Extracted records:
________________________
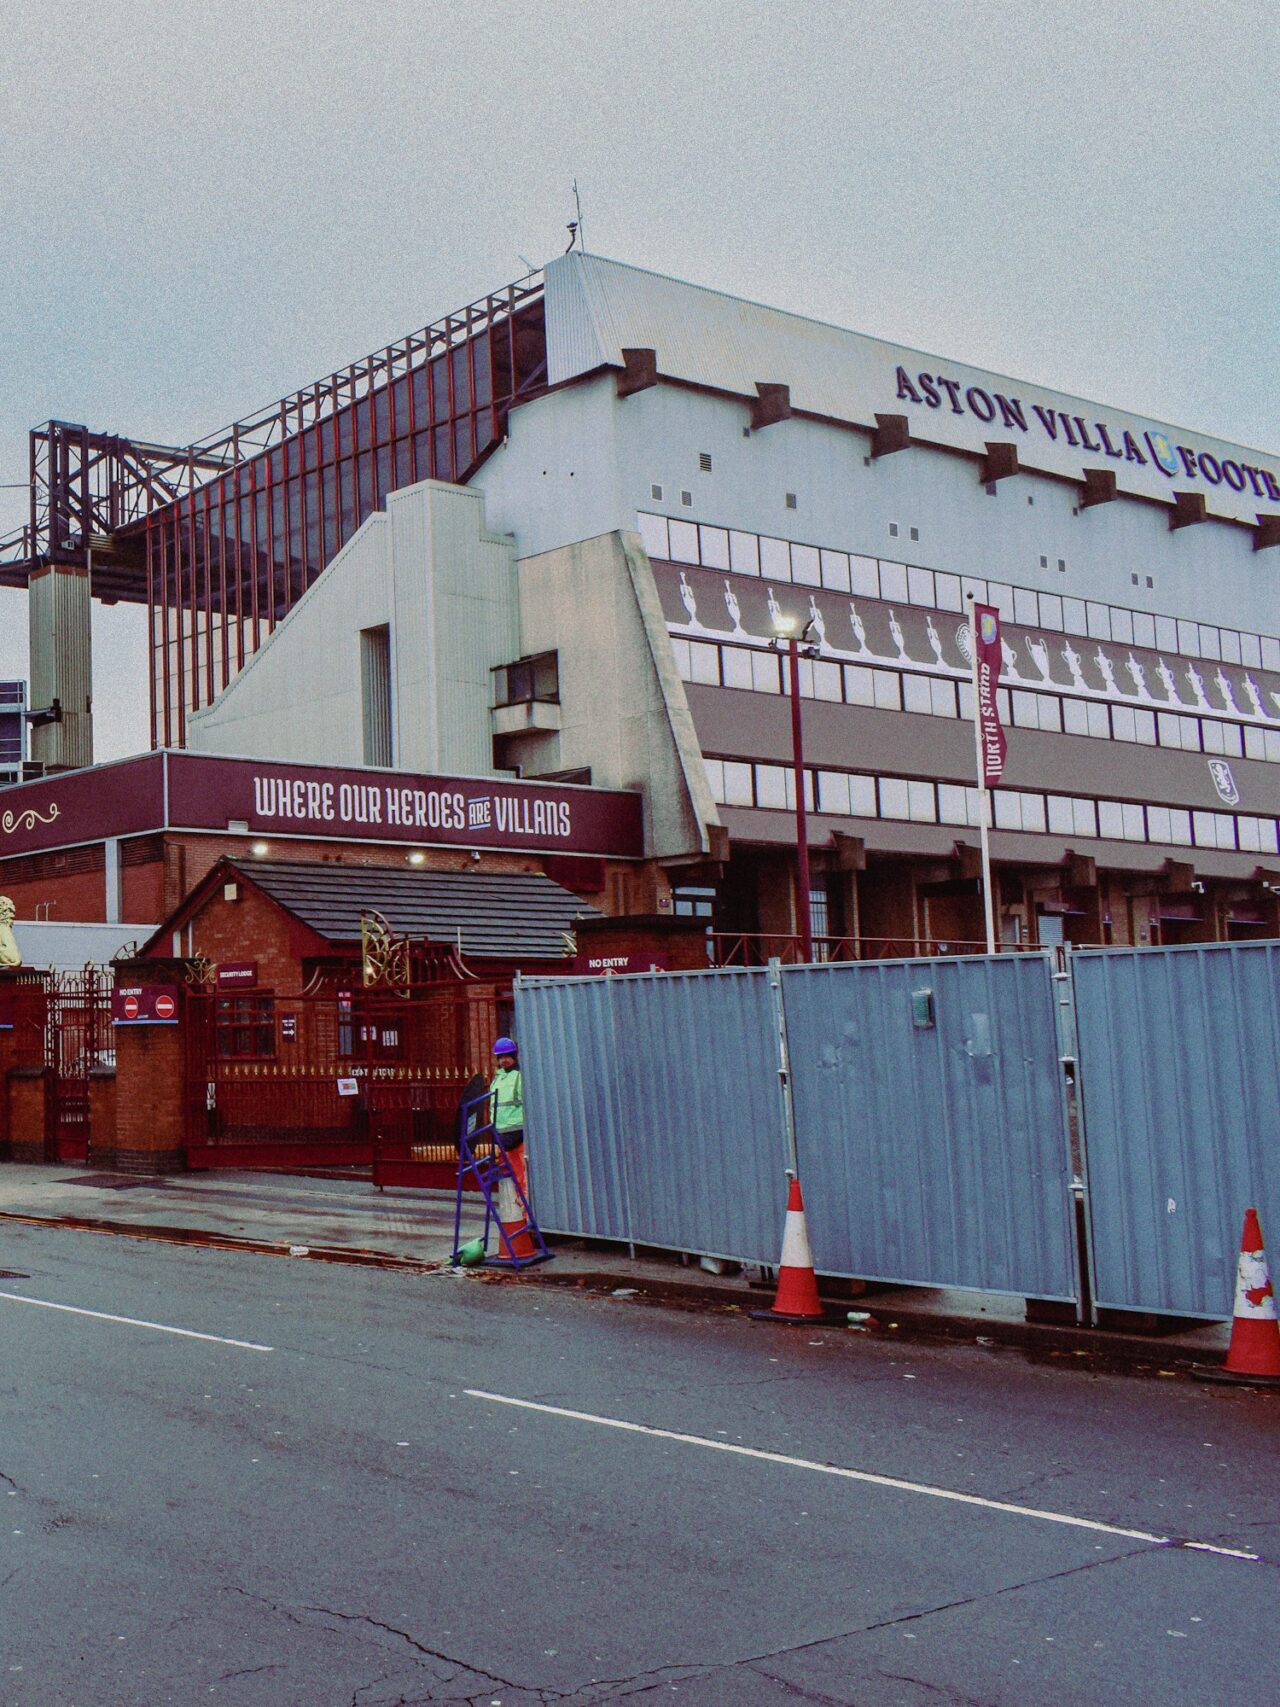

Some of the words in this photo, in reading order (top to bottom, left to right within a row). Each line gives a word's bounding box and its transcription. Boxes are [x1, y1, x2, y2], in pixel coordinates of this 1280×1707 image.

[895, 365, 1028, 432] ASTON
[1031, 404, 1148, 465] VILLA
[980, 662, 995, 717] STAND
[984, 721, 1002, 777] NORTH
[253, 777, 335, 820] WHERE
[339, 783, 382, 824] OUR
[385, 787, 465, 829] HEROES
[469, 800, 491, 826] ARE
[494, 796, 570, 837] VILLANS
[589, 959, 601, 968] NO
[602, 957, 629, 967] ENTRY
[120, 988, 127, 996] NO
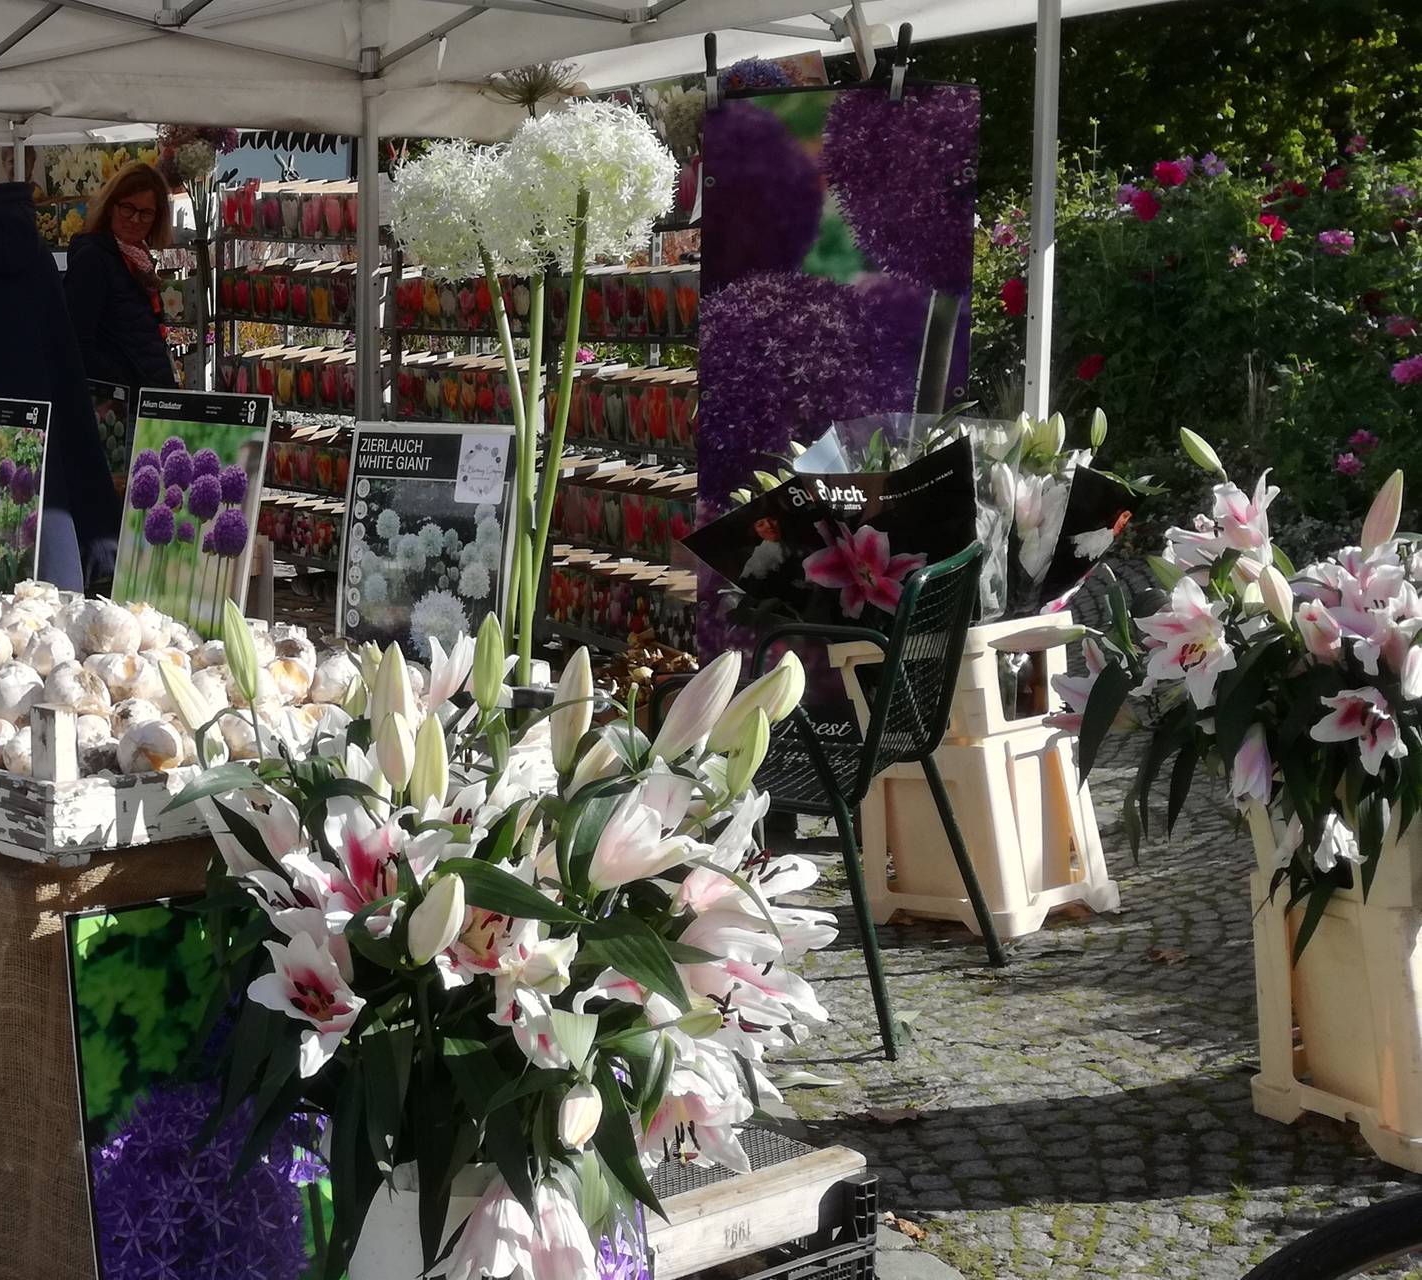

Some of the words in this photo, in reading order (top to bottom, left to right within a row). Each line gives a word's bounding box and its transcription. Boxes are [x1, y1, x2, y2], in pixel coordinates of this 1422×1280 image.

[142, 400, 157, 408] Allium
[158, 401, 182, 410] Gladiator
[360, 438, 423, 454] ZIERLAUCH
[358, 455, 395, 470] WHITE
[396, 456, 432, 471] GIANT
________________________
• **Try it**:
Reproduce every line above word for word; no images.

• **Answer area**:
Some of the words in this photo, in reading order (top to bottom, left to right within a row). Each line gives a word's bounding box and its transcription. Boxes are [x1, y1, x2, y2], in pixel coordinates of this 1280×1707 image.

[895, 365, 1028, 432] ASTON
[1031, 404, 1148, 465] VILLA
[980, 662, 995, 717] STAND
[984, 721, 1002, 777] NORTH
[253, 777, 335, 820] WHERE
[339, 783, 382, 824] OUR
[385, 787, 465, 829] HEROES
[469, 800, 491, 826] ARE
[494, 796, 570, 837] VILLANS
[589, 959, 601, 968] NO
[602, 957, 629, 967] ENTRY
[120, 988, 127, 996] NO

Some of the words in this photo, in reading order (top to bottom, left to right within a row). Each line gives a word's bounding box and its transcription. Boxes are [x1, y1, x2, y2], in pixel coordinates of this 1422×1280 image.

[142, 400, 157, 408] Allium
[158, 401, 182, 410] Gladiator
[360, 438, 423, 454] ZIERLAUCH
[358, 455, 395, 470] WHITE
[396, 456, 432, 471] GIANT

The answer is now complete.